1666 Jan. 3rd. “Decrease of the plague this week to 70.” Jan. 8th. “To Paternoster Row, few shops there being yet open.” Jan. 10th. “Plague is increased this week from 70 to 89.” Jan. 16th. “The plague 158.” Jan. 23rd. “Plague being now but 79.” Jan. 31st. “Plague decreased this week to 56.” Mar. 13th. “Plague increased to 29 from 28.” April 25th. “Plague is decreased 16 this week.” May 12th. “The plague increases in many places and is 53 this week with us.” June 6th. “A monthly fast day for the plague.” July 2nd. “The plague is, as I hear, increased but two this week.” Aug. 6th. “Greenwich worse than ever it was, and Deptford too.” Aug. 9th. } “Mrs. Rawlinson is dead of the sickness ... the mayde Aug. 10th.} also is dead.”
It will be observed that the Plague lingered until the Great Fire of September 2 drove it clean away.
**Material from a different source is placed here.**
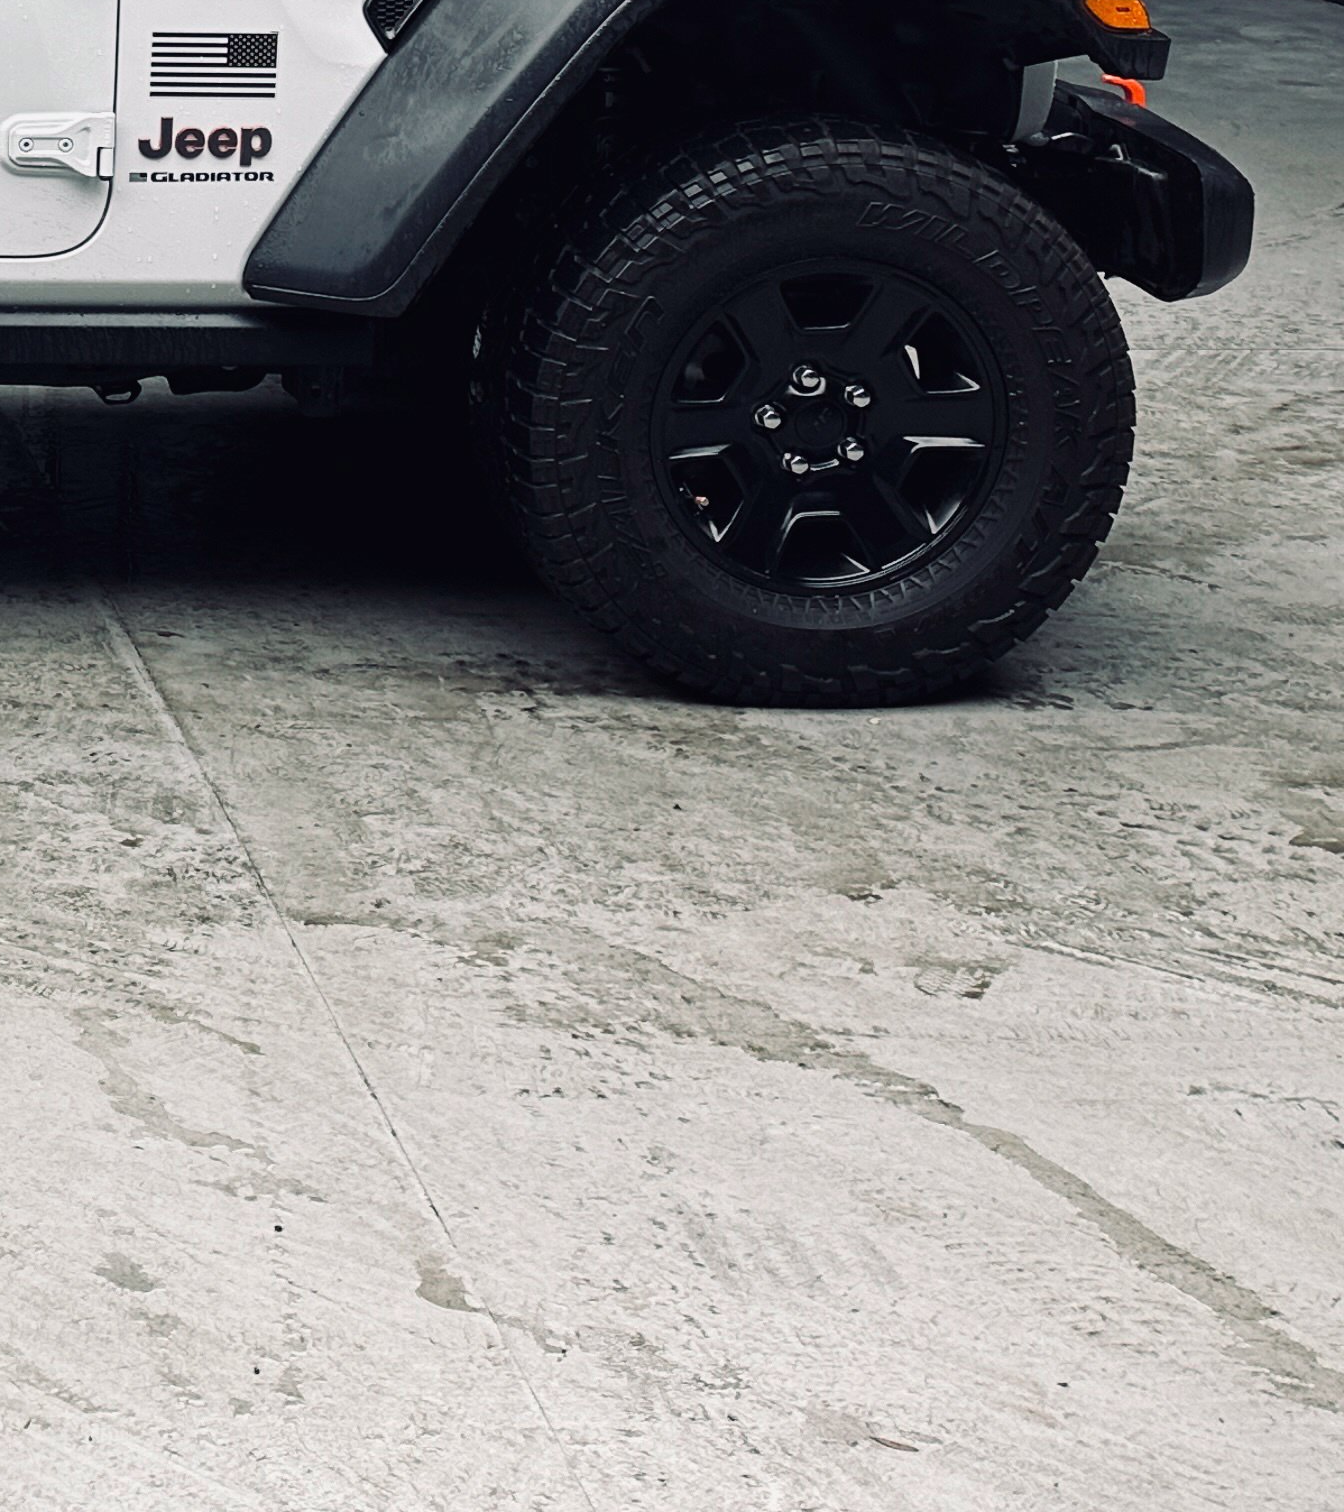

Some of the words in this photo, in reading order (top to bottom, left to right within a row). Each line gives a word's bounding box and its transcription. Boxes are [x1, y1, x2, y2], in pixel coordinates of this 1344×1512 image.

[138, 116, 273, 167] Jeep
[150, 171, 275, 183] GLADIATOR
[856, 200, 1082, 450] WILDPEAK
The best—that is, the most graphic—account of the Plague is that of Daniel Defoe. It is, perhaps, too long. The mind grows sick in the reading. He presents us, after his favourite method, with a series of pictures and portraits of individuals. When it is remembered that his book appeared in the year 1720, the year, that is, of the great Plague of Marseilles, and fifty-five years after the event, it is generally believed that his history is a work of pure fiction. I think it can be shown, however, that it was not a work of fiction at all, but simply a work of recollection. To the old man of sixty came back the memories and the tales that he had heard as a boy not yet in his teens.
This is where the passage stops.